トイレットペーパーでぐるぐる巻きの彼女が廊下で倒れていた。話

 トイレットペーパーでぐるぐる巻きの彼女が廊下で倒れていた。

 自宅の扉を開けて飛び込んできた光景がそれだったので俺は頭を抱えてうずくまった。

 今日は非常に慌ただしい日だった。

 急遽入った取引先とのテレビ会議、後輩がやっちまったミスのリカバー、さらには終業時刻ぎりぎりに送られてきた急ぎの案件。どれもこれも、コンチクショウと言ってやりたいところだが、真っ当な社会人の仮面を被っていたのでニッコリ笑って残業を頑張った。

 で、満員電車に揺られて最寄り駅でヨロヨロ降りて、スーパーで値引きされたお惣菜と新商品のチューハイを買って帰ったら、先ほどの光景が目の前に広がっていた。

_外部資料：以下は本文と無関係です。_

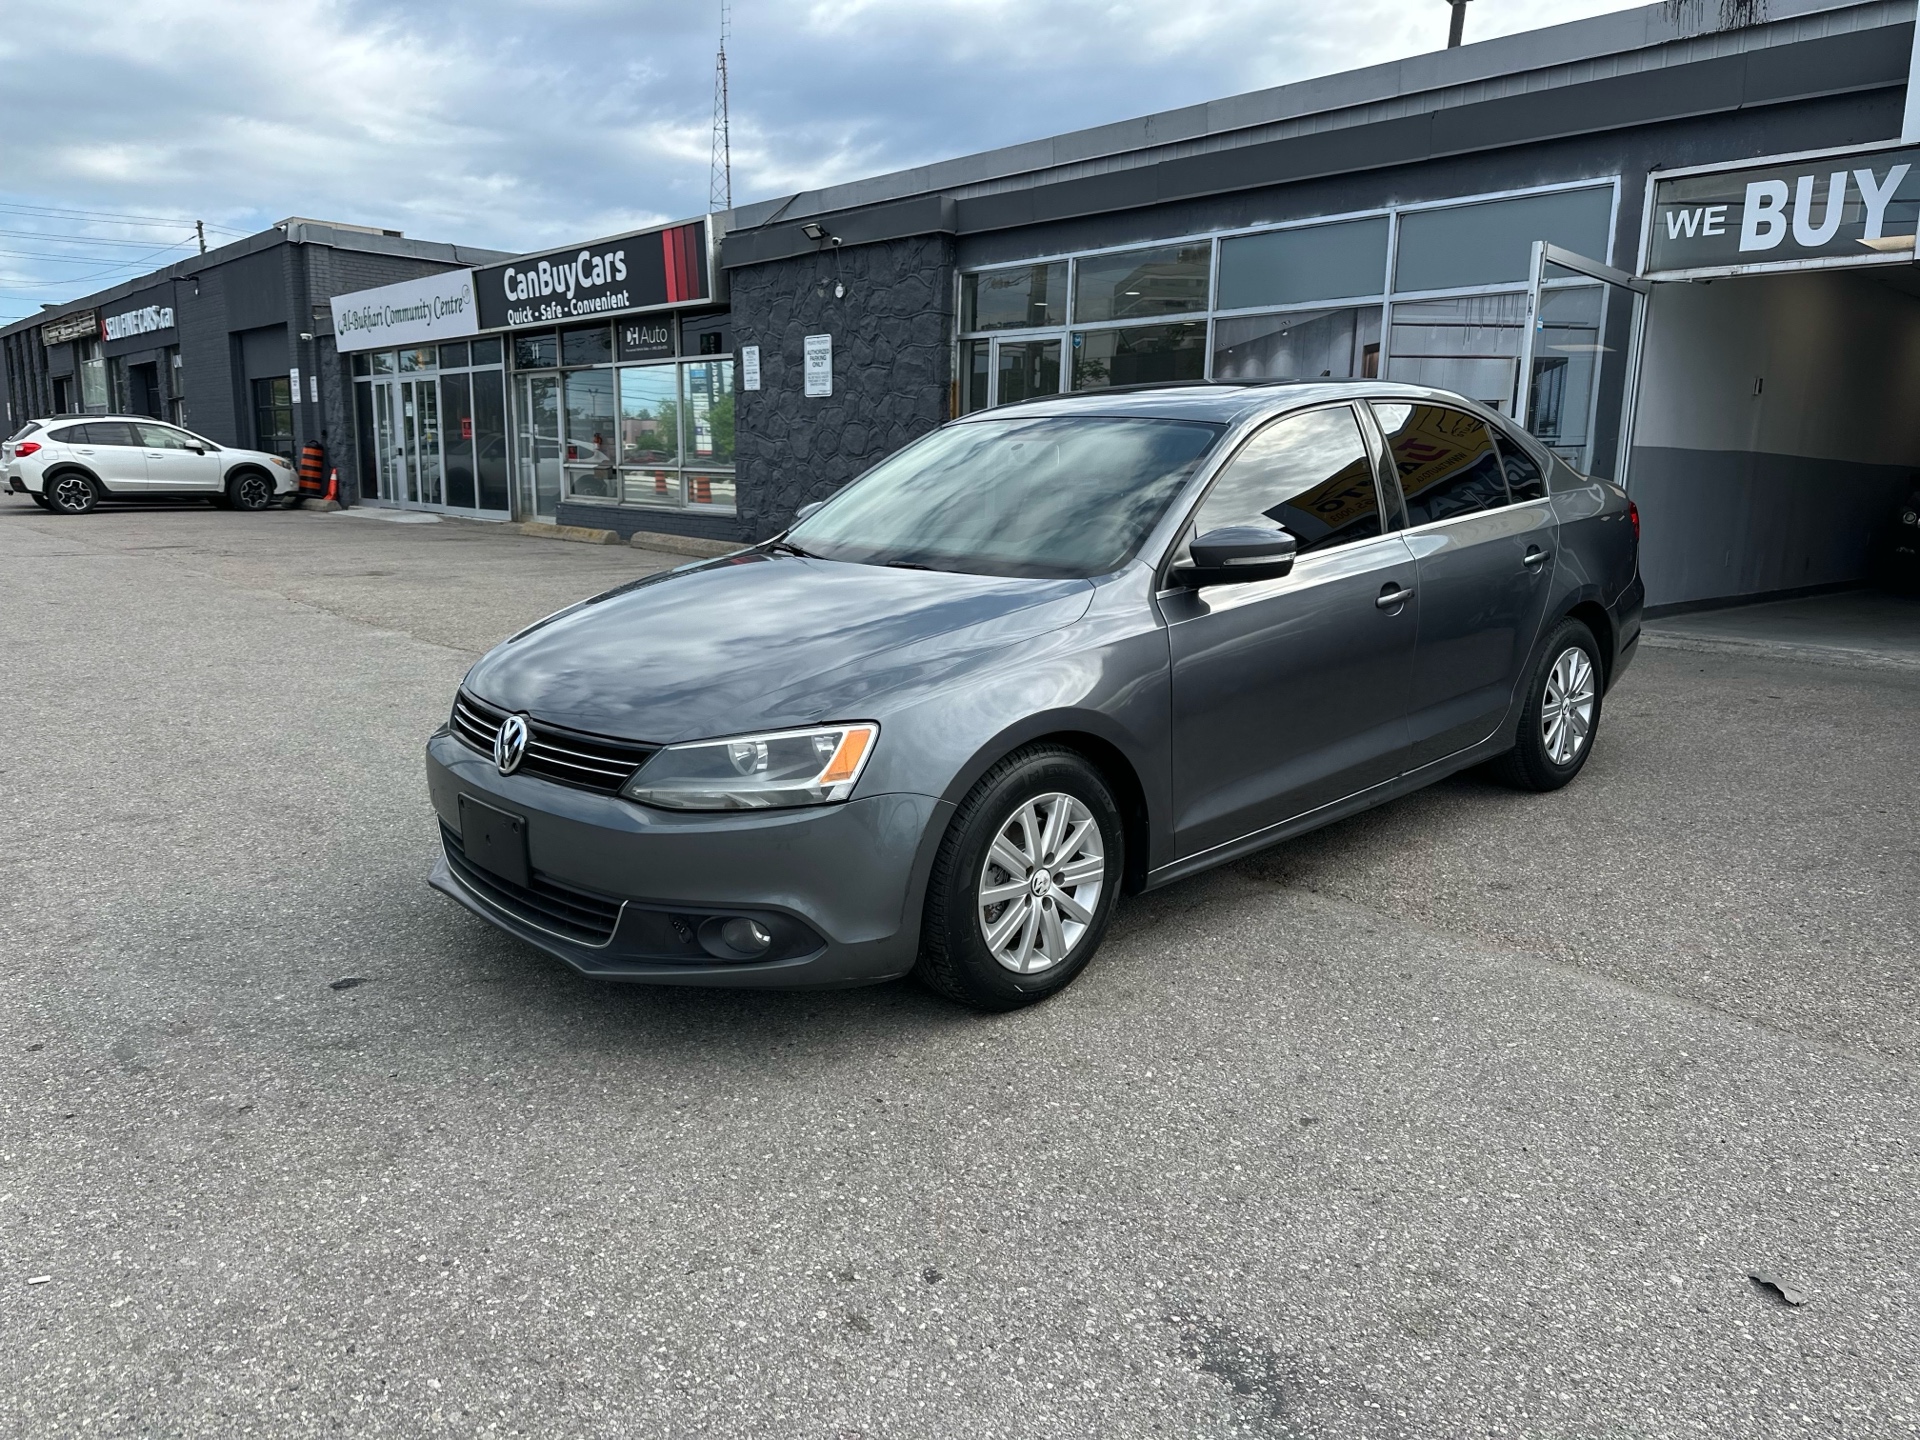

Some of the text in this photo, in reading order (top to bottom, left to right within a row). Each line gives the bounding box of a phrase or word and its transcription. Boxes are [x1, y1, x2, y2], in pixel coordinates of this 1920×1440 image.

[1666, 163, 1911, 252] WE BUY
[504, 251, 627, 301] CanBuyCars
[338, 287, 469, 336] Al-Bukhari Community Centre
[507, 306, 534, 326] Quick
[540, 302, 563, 320] Safe
[570, 290, 630, 315] Convenient
[640, 326, 668, 344] Auto

 トイレットペーパーでぐるぐる巻きの彼女が廊下で倒れていた。

 ただいまと同時に、俺は事件現場に足を突っ込むことになった。

 ともかく電気ぐらいはつけようと、転がる彼女の体を跨いで奥へ向かう。

 慌てた指がしばらくウロウロしてからぱちっと明かりがつくと、目に入ったのはぶっ倒れた観葉植物だった。

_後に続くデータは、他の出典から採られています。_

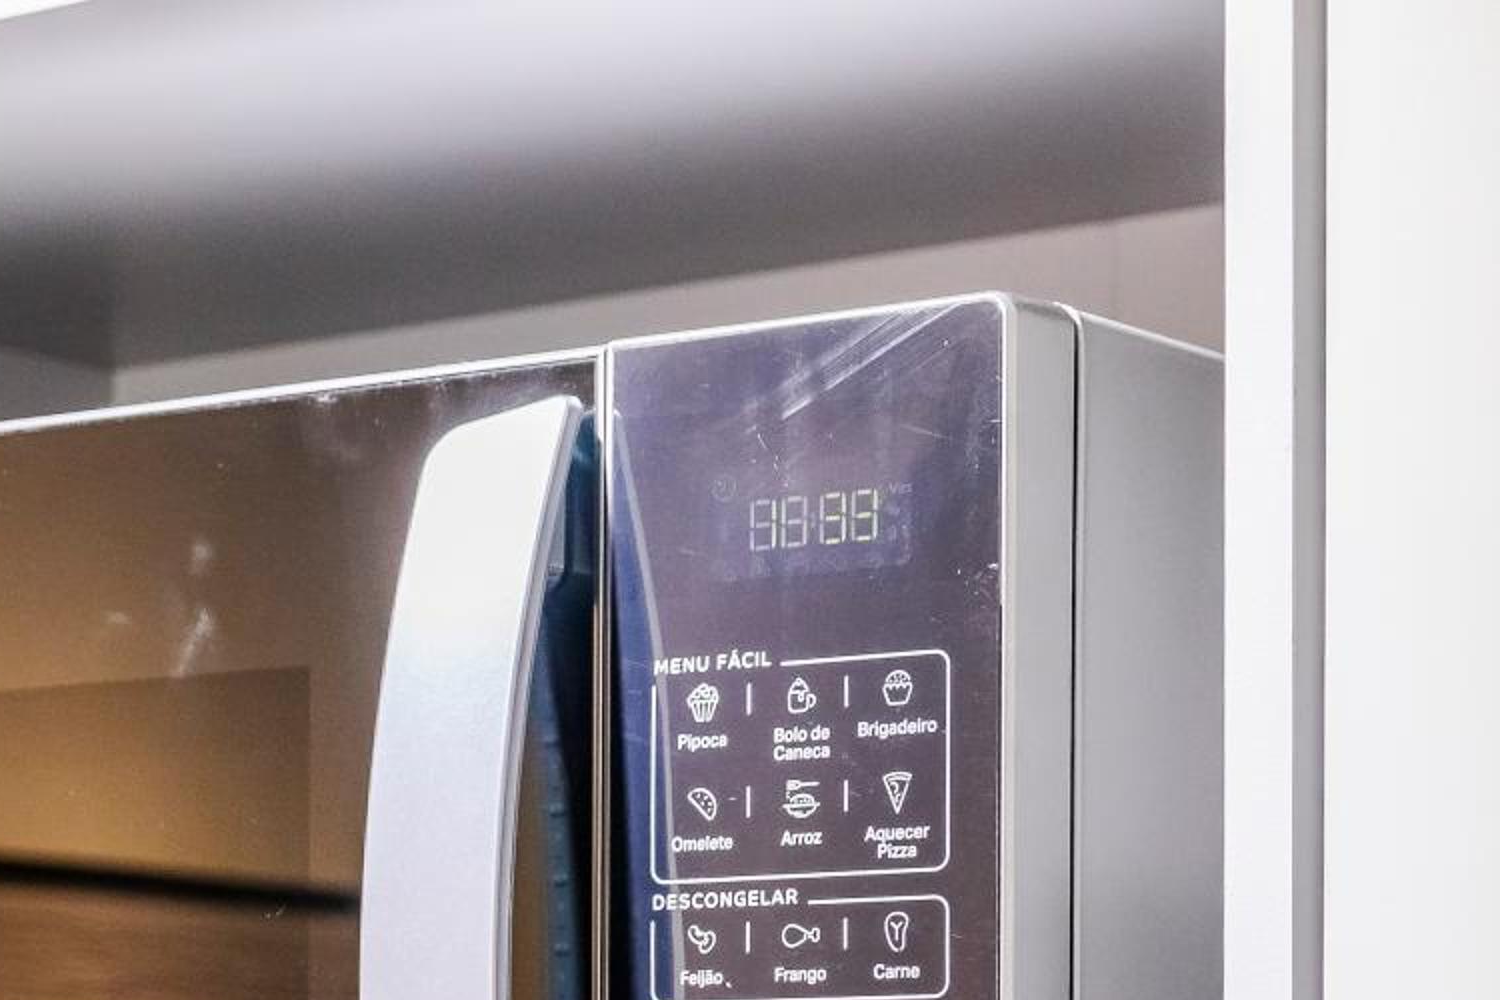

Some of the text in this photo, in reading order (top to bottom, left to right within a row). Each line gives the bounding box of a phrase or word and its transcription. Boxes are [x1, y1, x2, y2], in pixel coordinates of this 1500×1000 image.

[653, 650, 772, 676] MENU FÁCIL
[773, 725, 831, 744] Bolo de
[857, 719, 938, 739] Brigadeiro
[677, 734, 728, 752] Pipoca
[773, 745, 831, 761] Caneca
[671, 835, 733, 852] Omelete
[780, 831, 823, 847] Arroz
[864, 825, 930, 845] Aquecer
[877, 843, 918, 859] Pizza
[652, 888, 799, 911] DESCONGELAR
[680, 969, 723, 988] Feijão
[774, 966, 827, 985] Frango
[873, 963, 920, 979] Carne

 ドラセナ・パープル・コンタクタとテーブルヤシ。どちらも100均で何となく買ったものだが案外しぶとく、さほど日当たりも良くない狭い賃貸住宅でもスクスクと育ってすでに5年。大事な同居人ともいえる2本の観葉植物が、物の見事に土をばらまいて倒れていた。

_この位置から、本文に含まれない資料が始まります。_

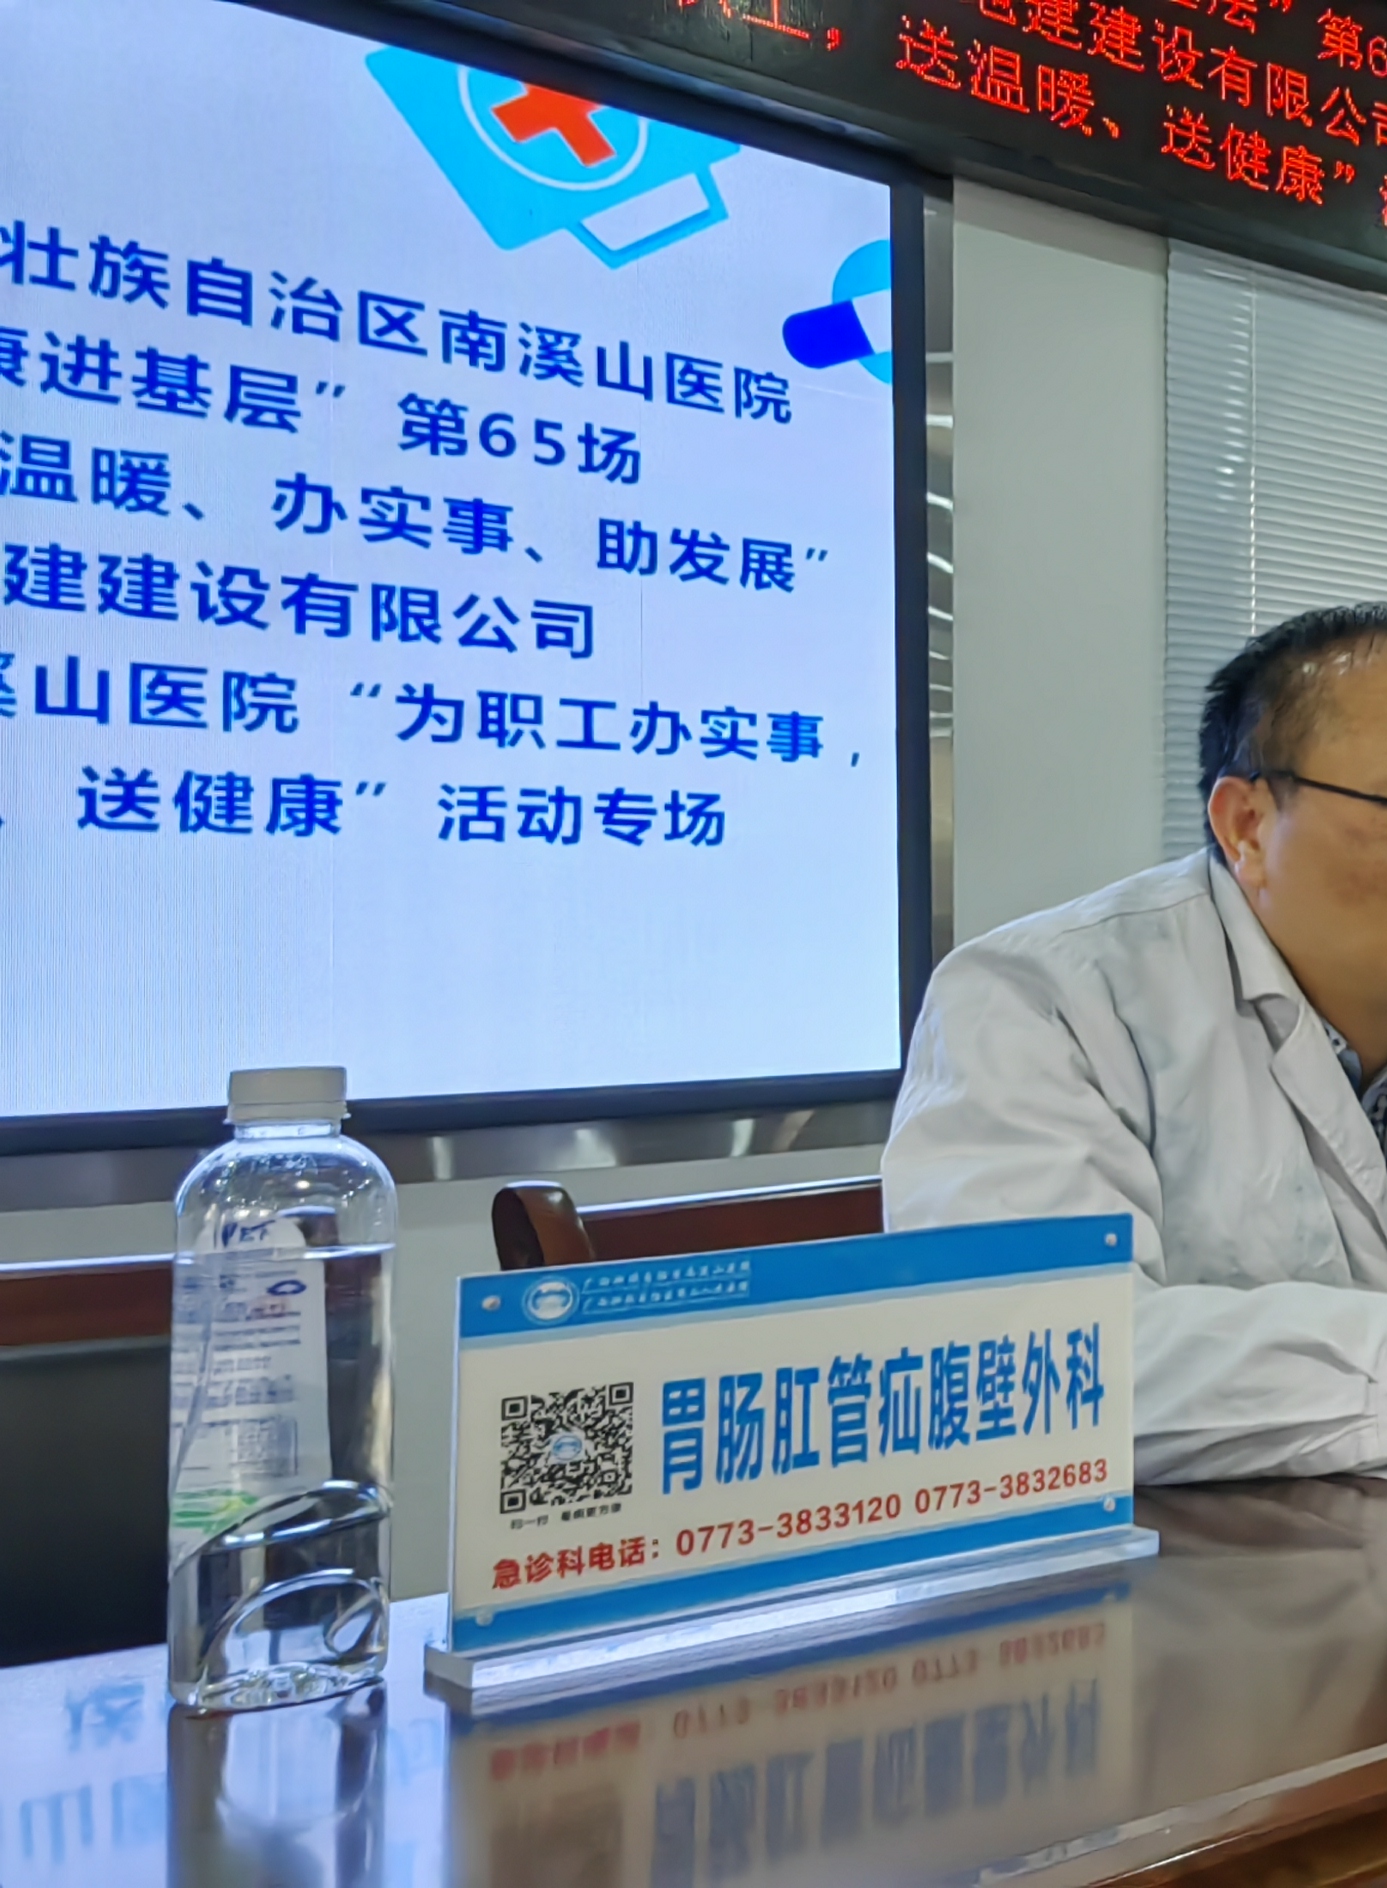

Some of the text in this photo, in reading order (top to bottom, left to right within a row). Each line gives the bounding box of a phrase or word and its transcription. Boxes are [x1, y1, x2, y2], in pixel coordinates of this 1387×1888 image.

[0, 220, 792, 424] 壮族自治区南溪山医院
[3, 543, 594, 659] 建建设有限公司
[661, 1323, 1105, 1494] 胃肠肛管疝腹壁外科
[915, 1458, 1108, 1514] 0773-3832683

 何度か植え替えをしてそれなりに大きく重たい鉢に植えていたはずなのに、よくもまぁ倒したものである。黒い土が大量にフローリングに零れていた。カーペットじゃなくてよかったとこの時ばかりは安堵した。

 だが異変はこれだけに留まらない。手を洗おうと洗面所へ向かおうとすると、暗闇に踏み出した足が濡れた。うわっと足を引き上げたがもう遅い。洗面所の電気をつけると床は一面水浸しになっていた。靴下を脱いで洗濯カゴに放り込みながら様子を伺うと、お風呂の蓋がずれている。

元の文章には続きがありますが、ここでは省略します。